La nature des rayons α a été établie par la mesure de leur déviation dans un champ magnétique et dans un champ électrique, d’où l’on déduit le rapport E/M de la charge à la masse, ainsi que la vitesse v des rayons. La production d’hélium par les radioéléments qui émettent des rayons α est un phénomène qu’on peut suivre quantitativement ; le volume de l’hélium produit est celui qu’on peut prévoir d’après le nombre de rayons α émis dans le même temps et déterminé par une des méthodes de numération applicable à ces rayons. Un atome d’uranium, dans ses transformations successives, libère 8 atomes d’hélium. On est ainsi conduit à penser que l’atome d’hélium entre, comme élément constitutif, dans la structure de l’atome d’uranium et d’autres radioéléments. Cette conception généralisée a été étendue à tous les éléments.
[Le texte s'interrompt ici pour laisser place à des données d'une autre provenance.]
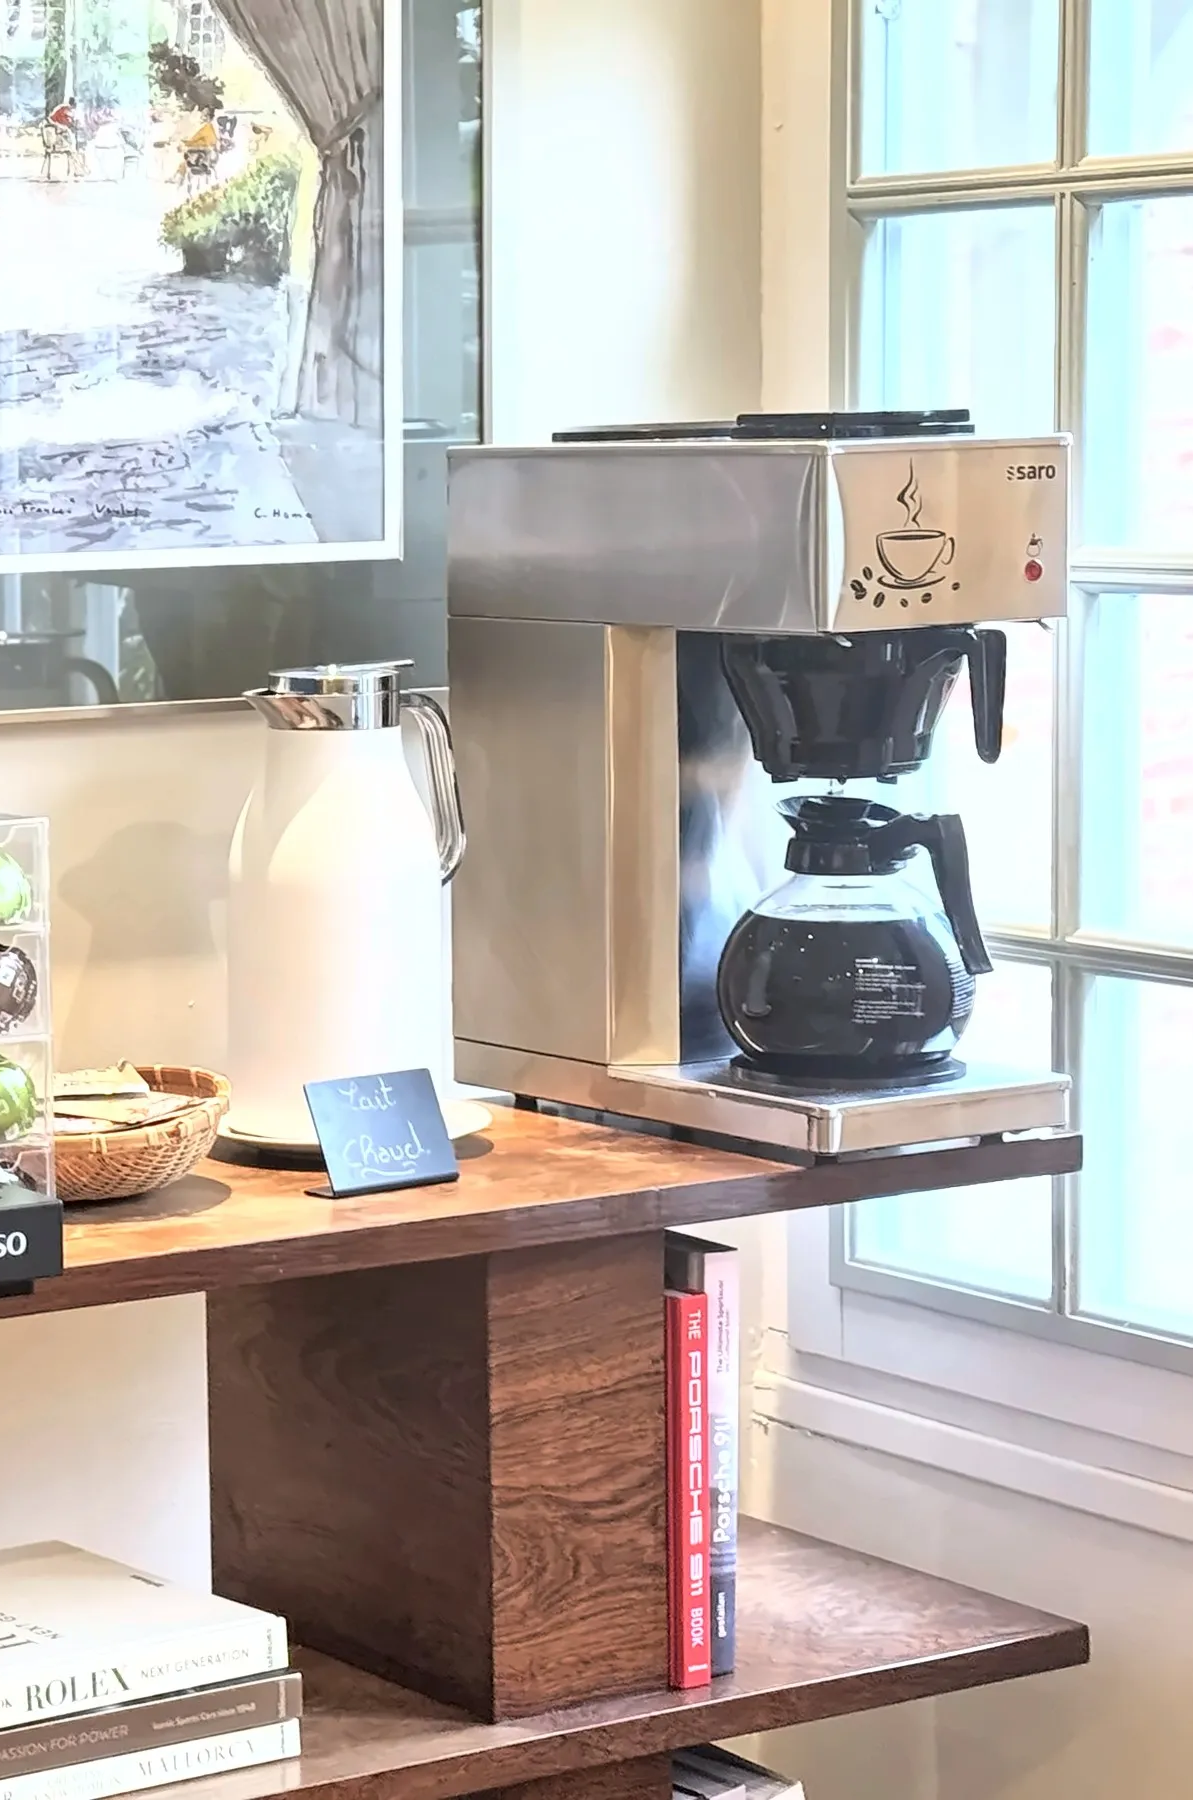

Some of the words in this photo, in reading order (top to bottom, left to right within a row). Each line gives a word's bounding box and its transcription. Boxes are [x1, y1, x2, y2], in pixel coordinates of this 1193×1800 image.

[1016, 465, 1056, 480] saro
[688, 1310, 701, 1340] THE
[688, 1351, 703, 1545] PORSCHE
[713, 1416, 732, 1447] 911
[712, 1449, 731, 1543] Porsche
[690, 1552, 704, 1597] 911
[15, 1622, 64, 1640] NEXT
[690, 1607, 704, 1648] BOOK
[25, 1666, 130, 1712] ROLEX
[141, 1661, 171, 1679] NEXT
[175, 1648, 250, 1674] GENERATION
[50, 1734, 78, 1750] FOR
[79, 1724, 130, 1744] POWER
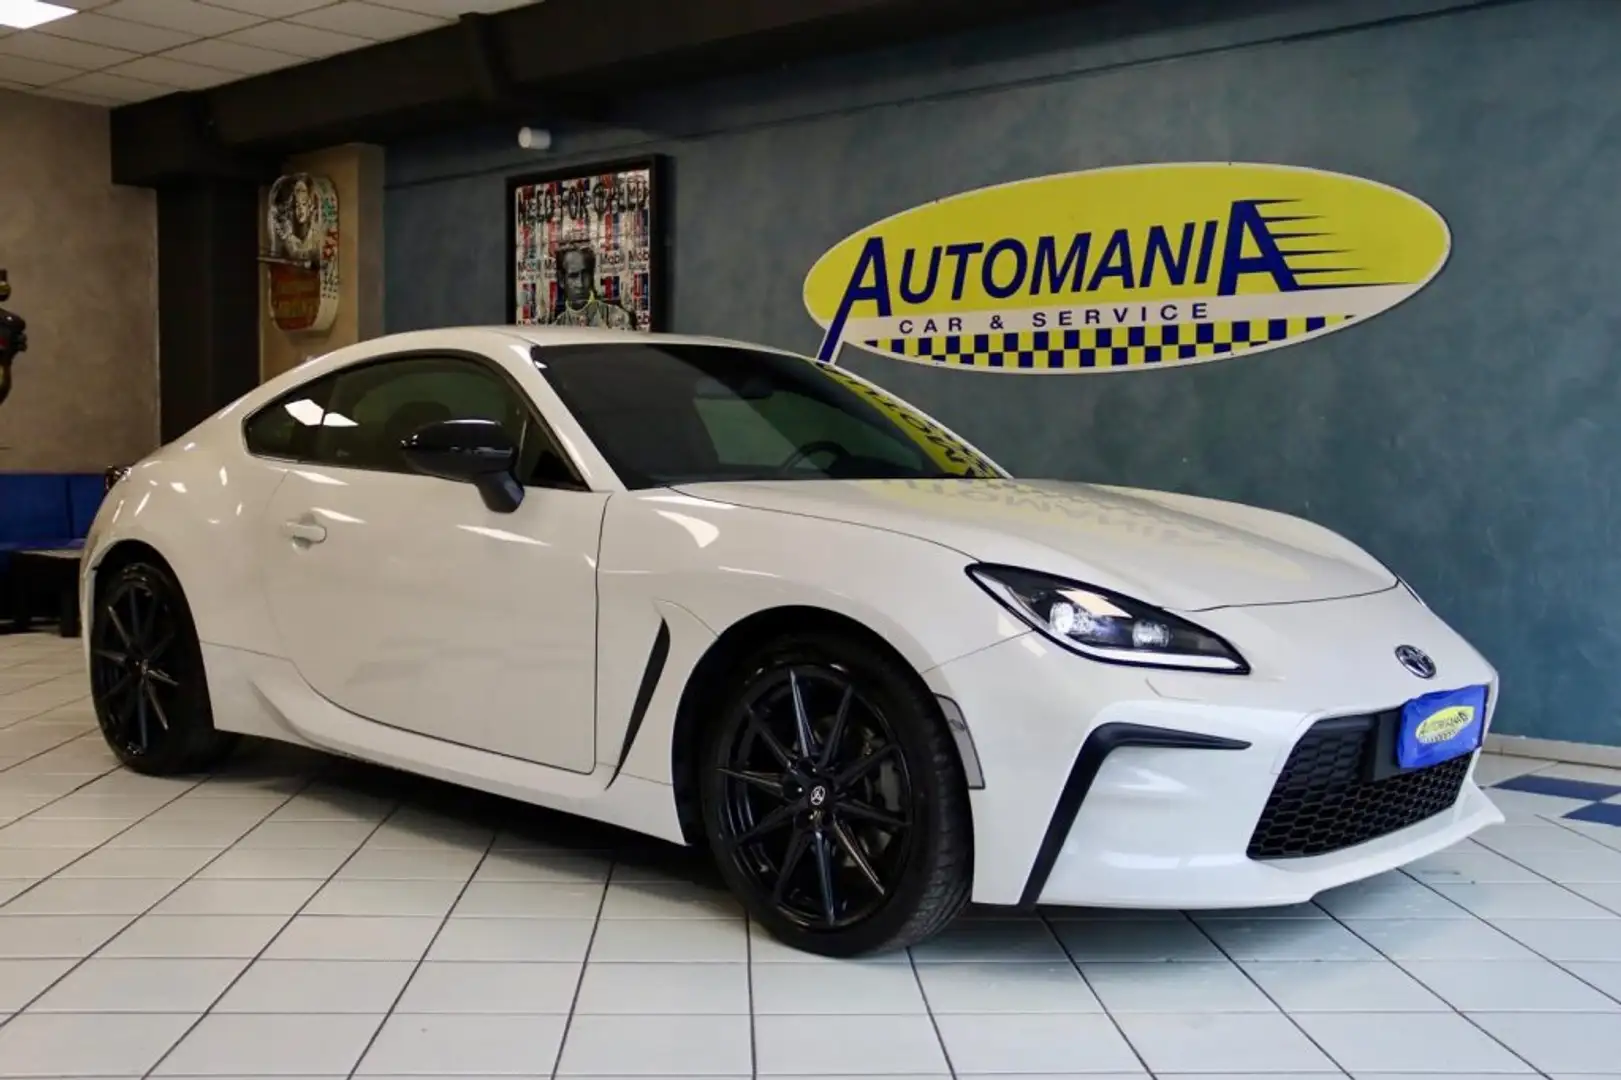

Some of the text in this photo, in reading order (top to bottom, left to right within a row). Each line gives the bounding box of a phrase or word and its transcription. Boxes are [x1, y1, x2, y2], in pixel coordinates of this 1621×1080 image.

[817, 199, 1301, 362] AUTOMANIA
[899, 302, 1208, 334] CAR & SERVICE
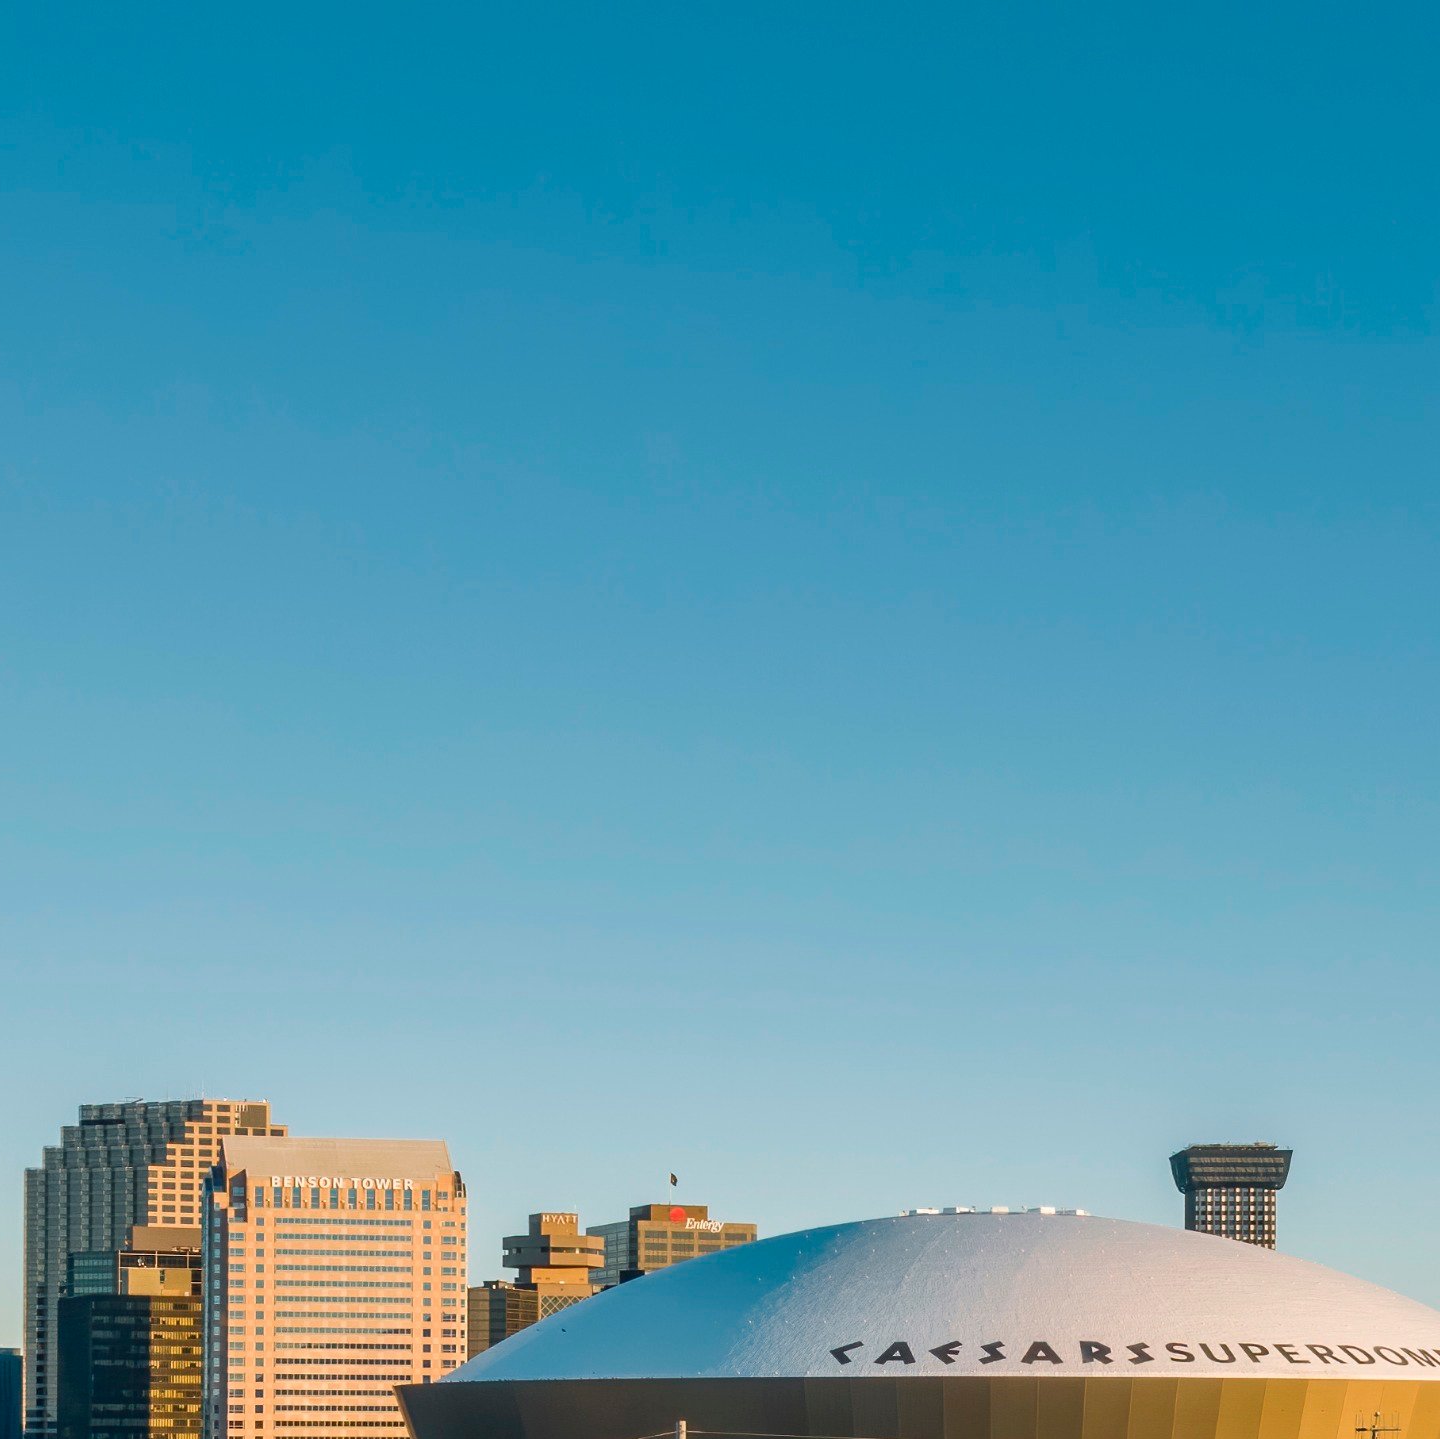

D’autre part, la spectrographie des masses, née de la découverte de l’isotopie, a montré que les éléments simples au point de vue isotopique ont des masses très voisines de multiples d’une même masse unitaire, qui est la 16e partie de celle de l’atome d’oxygène et diffère peu de celle de l’atome d’hydrogène. On arrive ainsi à considérer tous les atomes comme composés d’atomes d’hydrogène dont la plupart sont groupés en atomes d’hélium, ce groupement comportant une diminution de masse ou condensation, correspondant à la perte d’énergie interne lors de la constitution du groupement.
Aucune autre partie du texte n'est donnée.